■ Exercise directions
From the first line to the last, write out the records exactly, leaving the pictures behind.

■ Input data

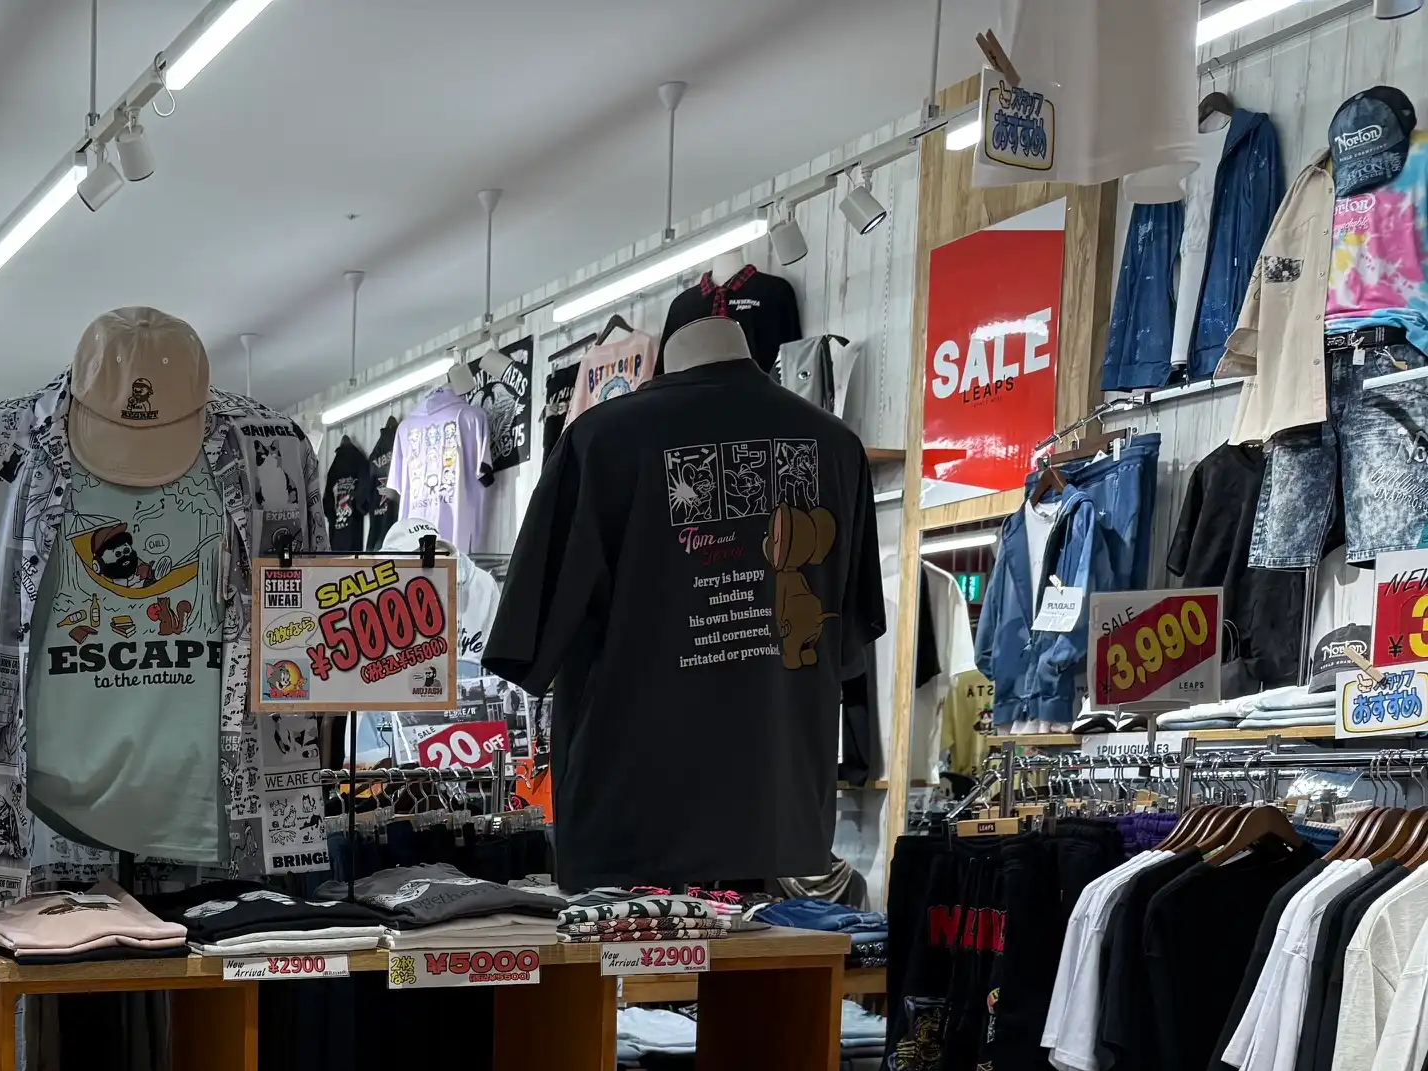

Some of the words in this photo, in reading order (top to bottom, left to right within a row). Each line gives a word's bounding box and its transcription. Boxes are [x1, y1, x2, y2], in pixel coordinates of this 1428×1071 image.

[993, 109, 1047, 159] おすすめ
[1335, 125, 1382, 153] Norton
[932, 307, 1052, 399] SALE
[589, 361, 618, 394] BETTY
[618, 354, 642, 378] BOOP
[963, 374, 1014, 404] LEAP'S
[149, 539, 165, 548] CHILL
[679, 527, 716, 554] Tom
[717, 532, 736, 544] and
[265, 571, 301, 579] VISION
[316, 560, 399, 609] SALE
[693, 574, 720, 588] Jerry
[722, 572, 731, 584] is
[732, 569, 765, 584] happy
[265, 580, 301, 592] STREET
[268, 594, 299, 607] WEAR
[709, 590, 754, 606] minding
[689, 615, 705, 628] his
[706, 612, 729, 625] own
[730, 607, 772, 622] business
[1101, 607, 1137, 637] SALE
[266, 617, 316, 646] 2枚なら
[306, 576, 445, 681] ¥5000
[694, 633, 721, 647] until
[722, 625, 772, 643] cornered,
[679, 650, 725, 668] irritated
[726, 649, 740, 660] or
[94, 674, 113, 688] to
[114, 672, 141, 687] the
[142, 670, 195, 685] nature
[1352, 688, 1423, 726] おすすめ
[418, 726, 436, 739] SALE
[427, 731, 481, 770] 20
[483, 734, 504, 753] OFF
[1096, 744, 1169, 756] 1PIU1UGUAE3
[265, 776, 284, 788] WE
[286, 775, 303, 787] ARE
[227, 960, 245, 970] New
[267, 956, 326, 974] ¥2900
[425, 950, 539, 975] ¥5000
[602, 951, 620, 960] New
[609, 957, 639, 968] Arrival
[640, 945, 706, 967] ¥2900
[234, 968, 266, 977] Arrival
[390, 970, 416, 984] なら

■ Answer to the exercise
Some of the words in this photo, in reading order (top to bottom, left to right within a row). Each line gives a word's bounding box and its transcription. Boxes are [x1, y1, x2, y2], in pixel coordinates of this 1428×1071 image.

[993, 109, 1047, 159] おすすめ
[1335, 125, 1382, 153] Norton
[932, 307, 1052, 399] SALE
[589, 361, 618, 394] BETTY
[618, 354, 642, 378] BOOP
[963, 374, 1014, 404] LEAP'S
[149, 539, 165, 548] CHILL
[679, 527, 716, 554] Tom
[717, 532, 736, 544] and
[265, 571, 301, 579] VISION
[316, 560, 399, 609] SALE
[693, 574, 720, 588] Jerry
[722, 572, 731, 584] is
[732, 569, 765, 584] happy
[265, 580, 301, 592] STREET
[268, 594, 299, 607] WEAR
[709, 590, 754, 606] minding
[689, 615, 705, 628] his
[706, 612, 729, 625] own
[730, 607, 772, 622] business
[1101, 607, 1137, 637] SALE
[266, 617, 316, 646] 2枚なら
[306, 576, 445, 681] ¥5000
[694, 633, 721, 647] until
[722, 625, 772, 643] cornered,
[679, 650, 725, 668] irritated
[726, 649, 740, 660] or
[94, 674, 113, 688] to
[114, 672, 141, 687] the
[142, 670, 195, 685] nature
[1352, 688, 1423, 726] おすすめ
[418, 726, 436, 739] SALE
[427, 731, 481, 770] 20
[483, 734, 504, 753] OFF
[1096, 744, 1169, 756] 1PIU1UGUAE3
[265, 776, 284, 788] WE
[286, 775, 303, 787] ARE
[227, 960, 245, 970] New
[267, 956, 326, 974] ¥2900
[425, 950, 539, 975] ¥5000
[602, 951, 620, 960] New
[609, 957, 639, 968] Arrival
[640, 945, 706, 967] ¥2900
[234, 968, 266, 977] Arrival
[390, 970, 416, 984] なら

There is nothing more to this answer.